Set down all of the data exactly. Pictures stay out of the copy.

━━━━━━━━

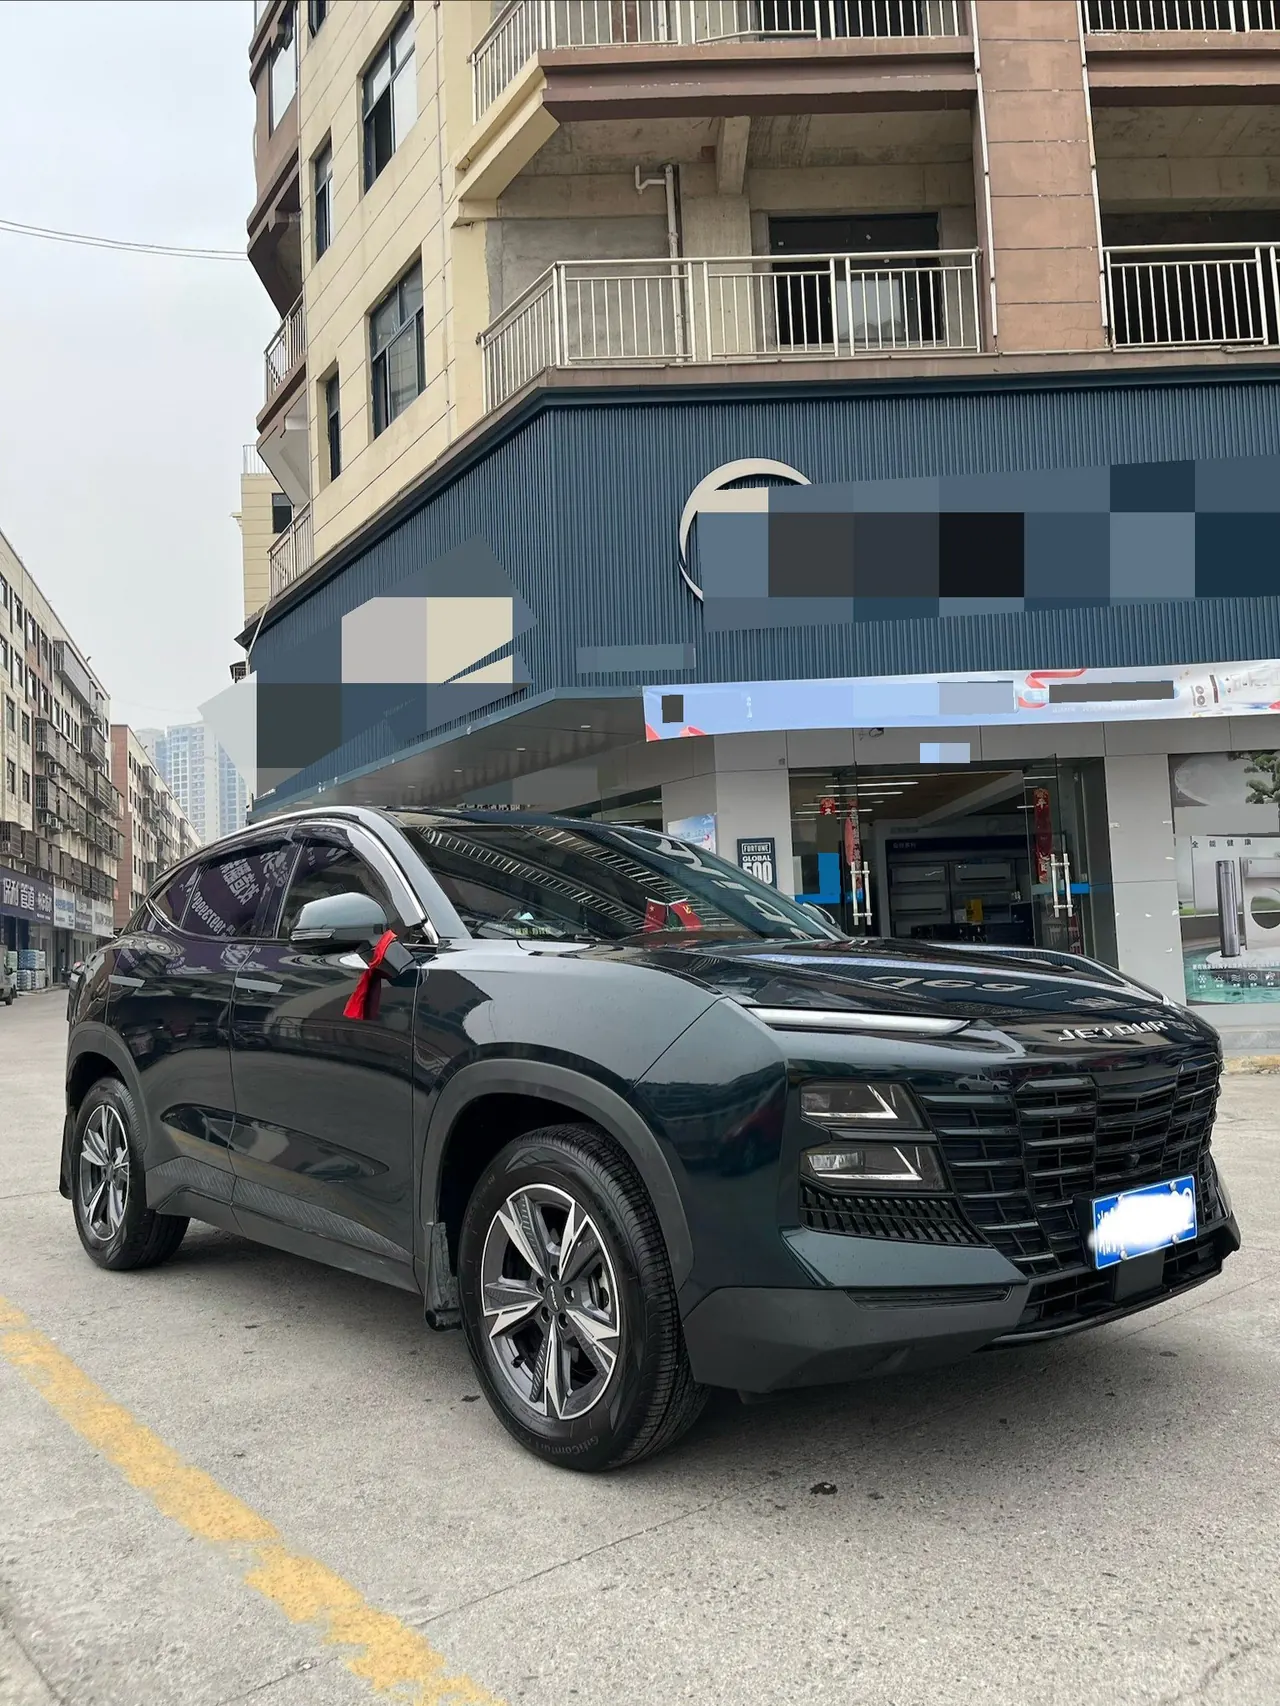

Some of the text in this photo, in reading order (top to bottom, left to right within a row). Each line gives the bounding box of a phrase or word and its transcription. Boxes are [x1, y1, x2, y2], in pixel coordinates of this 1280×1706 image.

[743, 844, 769, 853] FORTUNE
[1191, 838, 1252, 848] 全能健康
[742, 861, 773, 885] 500
[1058, 1020, 1169, 1042] JETOUR
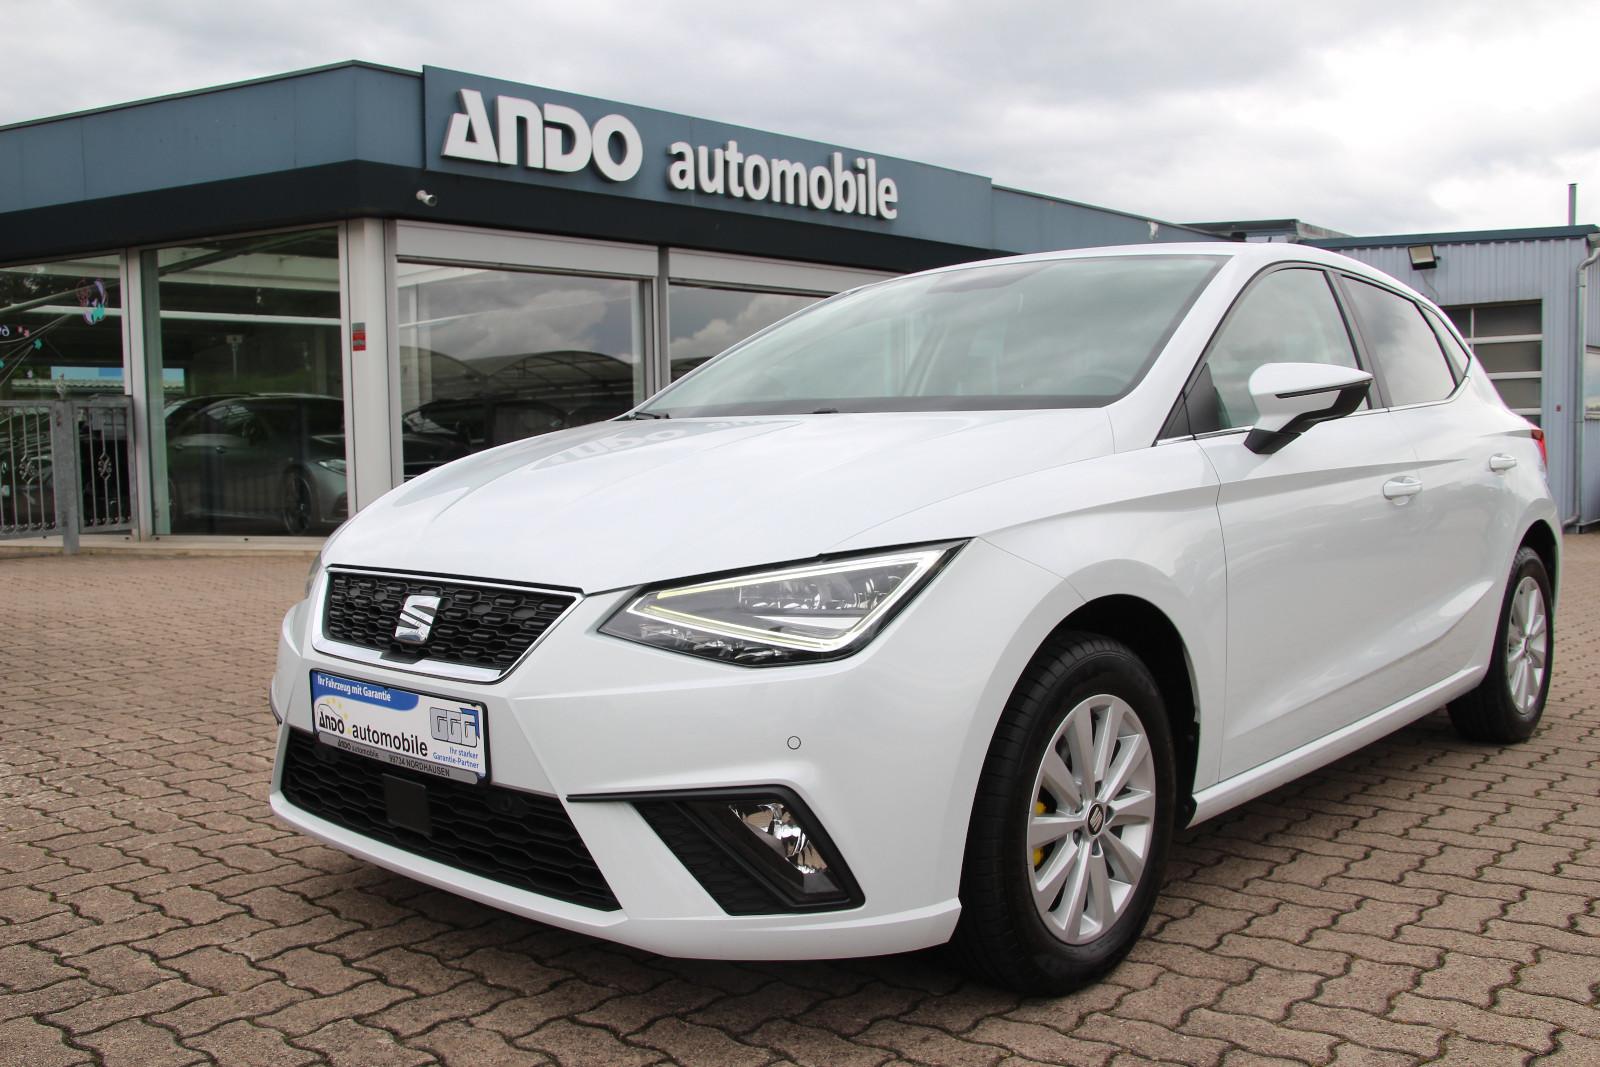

━━━━━━━━

__ANSWER TO THIS TASK__:
Some of the text in this photo, in reading order (top to bottom, left to right within a row). Each line gives the bounding box of a phrase or word and its transcription. Boxes are [x1, y1, x2, y2], in pixel coordinates of this 1280×1706 image.

[743, 844, 769, 853] FORTUNE
[1191, 838, 1252, 848] 全能健康
[742, 861, 773, 885] 500
[1058, 1020, 1169, 1042] JETOUR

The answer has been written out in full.